I find the behavior of rbind somewhat non-intuitive when it's provided with empty vectors. For example,
rbind(numeric(0), numeric(0), numeric(0))
# [1,]
# [2,]
# [3,]
produces a 3-by-0 matrix, while I would expect the output to be a consistent numeric(0) instead. While it may be fun to debate whether you get "one nothing" or "three nothings" when you add a "nothing" to itself three times, my question is whether it's possible to suppress this behavior? Alternatively, I am looking for another function that can "rbind" matrices, while also producing an object with no rows when none of the inputs have rows.
My approach so far has been to cast numeric(0) to a matrix(0,0,0), which appears to work more consistently with rbind:
rbind(matrix(0,0,0), matrix(0,0,0), matrix(0,0,0))
# <0 x 0 matrix>
High-level picture: I have a function that accepts one or more matrices representing linear constraints, rbinds them as the first step and performs some downstream operations. The number of rows in the rbind output is taken to be the total number of input constraints. I discovered the above behavior when I was removing the last row in an input matrix and accidentally left off drop=FALSE, thus calling my function with a numeric(0) instead of a proper matrix(0,0,0) and getting the wrong total number of constraints, because nrow(rbind(numeric(0))) was returning 1.
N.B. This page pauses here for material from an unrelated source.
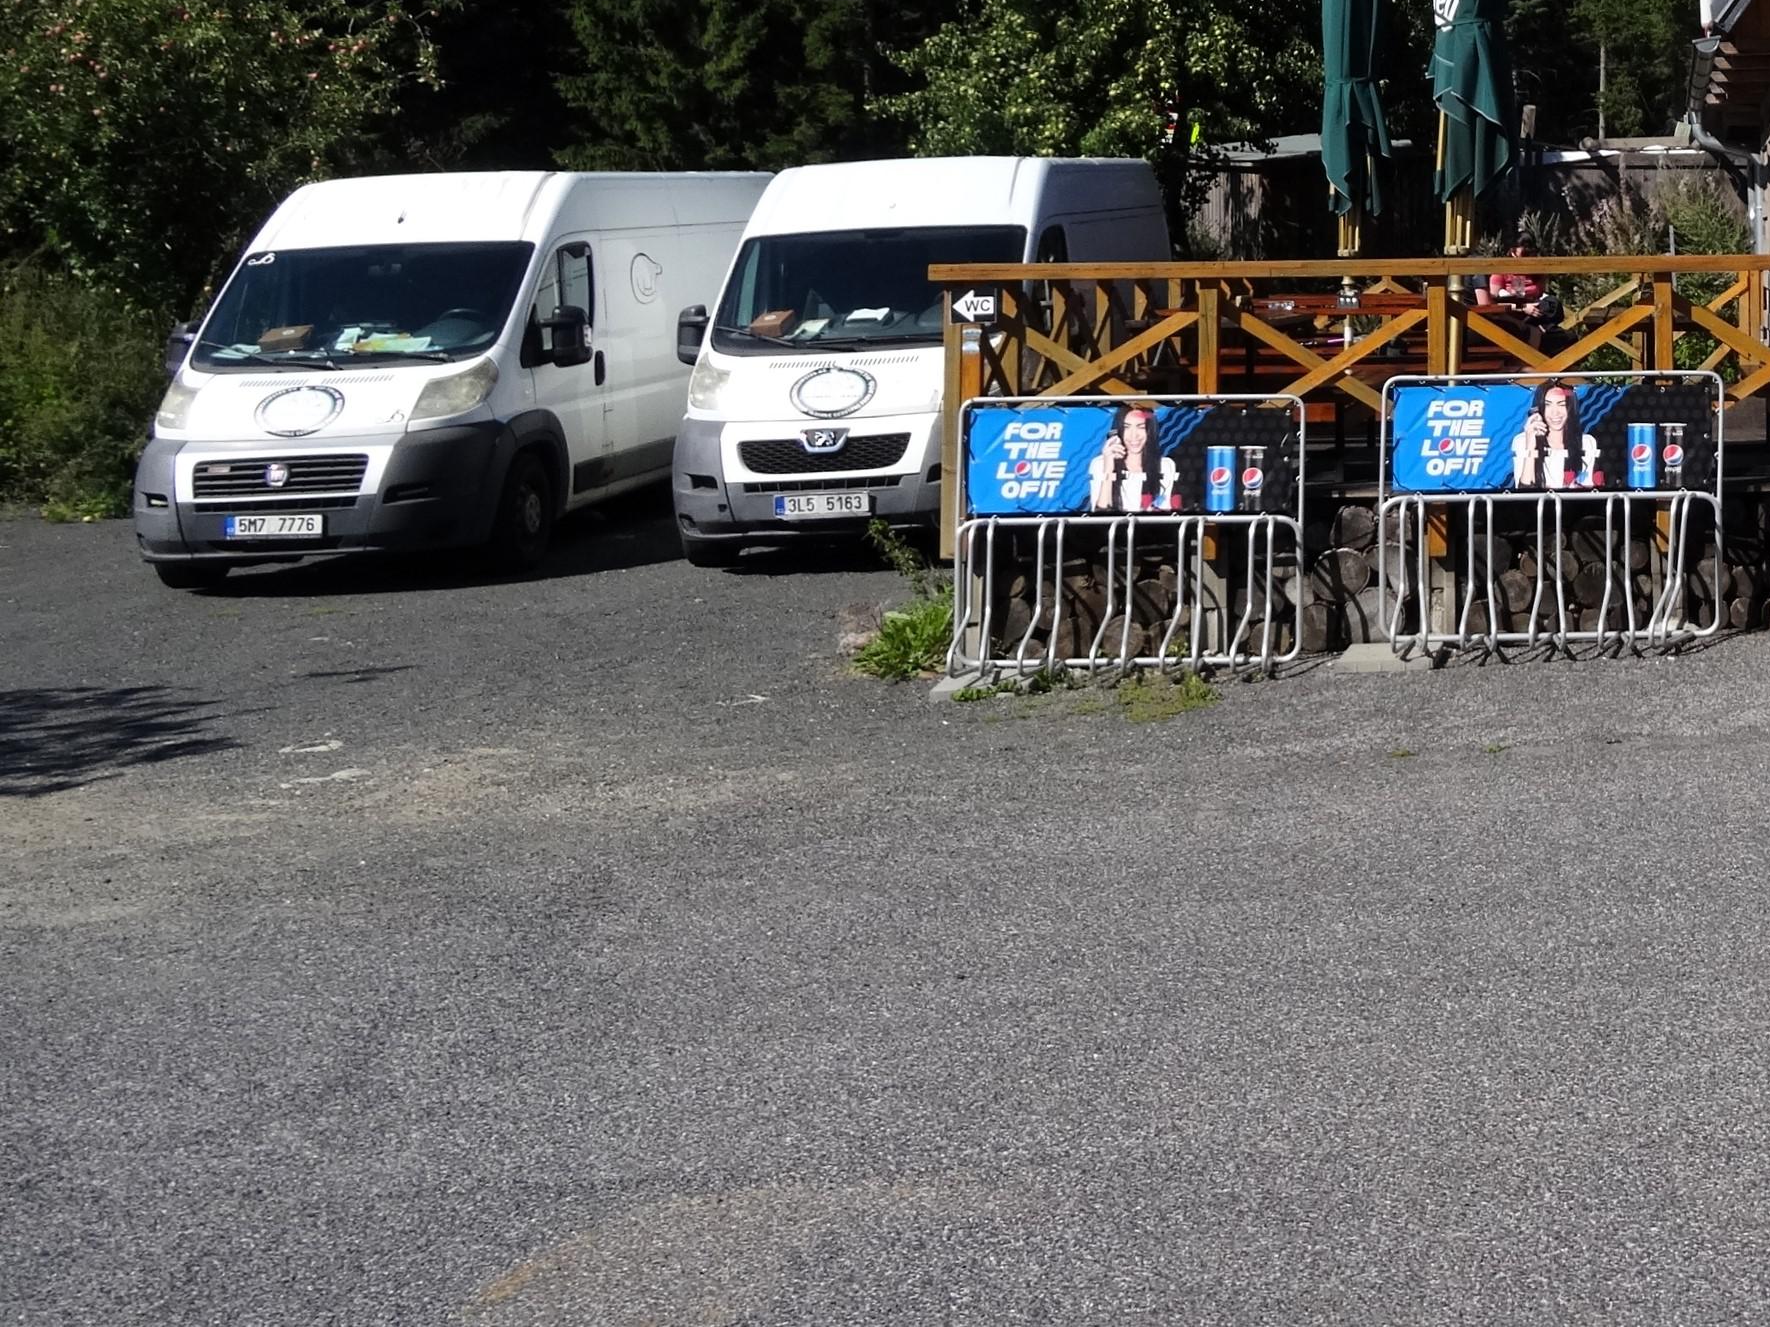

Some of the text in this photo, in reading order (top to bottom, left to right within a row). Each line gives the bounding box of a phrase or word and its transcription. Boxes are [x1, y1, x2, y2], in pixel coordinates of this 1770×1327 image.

CodePudding user response:
I don't think you should expect there to be no rows. From rdocumentation, "numeric is identical to double (and real). It creates a double-precision vector of the specified length with each element equal to 0." So, I don't think it's accurate to say they are "nothings."
If you rbind NULL, which I think is closer to "nothing," you get no rows:
rbind(NULL, NULL, NULL)
returns
NULL
So, to answer the question, no I don't know how it would be possible to bind numeric and get no rows.
CodePudding user response:
From ?rbind:
For
cbind(rbind), vectors of zero length (includingNULL) are ignored unless the result would have zero rows (columns), for S compatibility.
I think it is reasonable, if your use case demands it, to write your own rbind analogue that handles zero-length vectors like 0-by-0 matrices instead of 1-by-0 matrices. Maybe something like this?
rbind0 <- function(..., deparse.level = 1) {
f <- function(x) {
if (length(dim(x)) != 2L && (is.atomic(x) || is.list(x)) && length(x) == 0L) {
x <- vector(typeof(x), 0L)
dim(x) <- c(0L, 0L)
}
x
}
args <- c(lapply(list(...), f), list(deparse.level = deparse.level))
do.call(rbind, args)
}
Errors are thrown in more cases, because these 0-by-0 matrices are subject to rbind's checks for dimensional compatibility. For example:
x <- matrix(rnorm(9L), 3L, 3L)
identical(rbind(x, numeric(0L)), x)
## [1] TRUE
rbind0(x, numeric(0L))
## Error in (function (..., deparse.level = 1) :
## number of columns of matrices must match (see arg 2)
You might consider that desirable behaviour, apart from the error message incorrectly referring to integer(0L) as a matrix. You can add more tests to avoid these errors (or throw different errors) in specific cases, but I don't know that it's worth it. Again, it depends on your use case.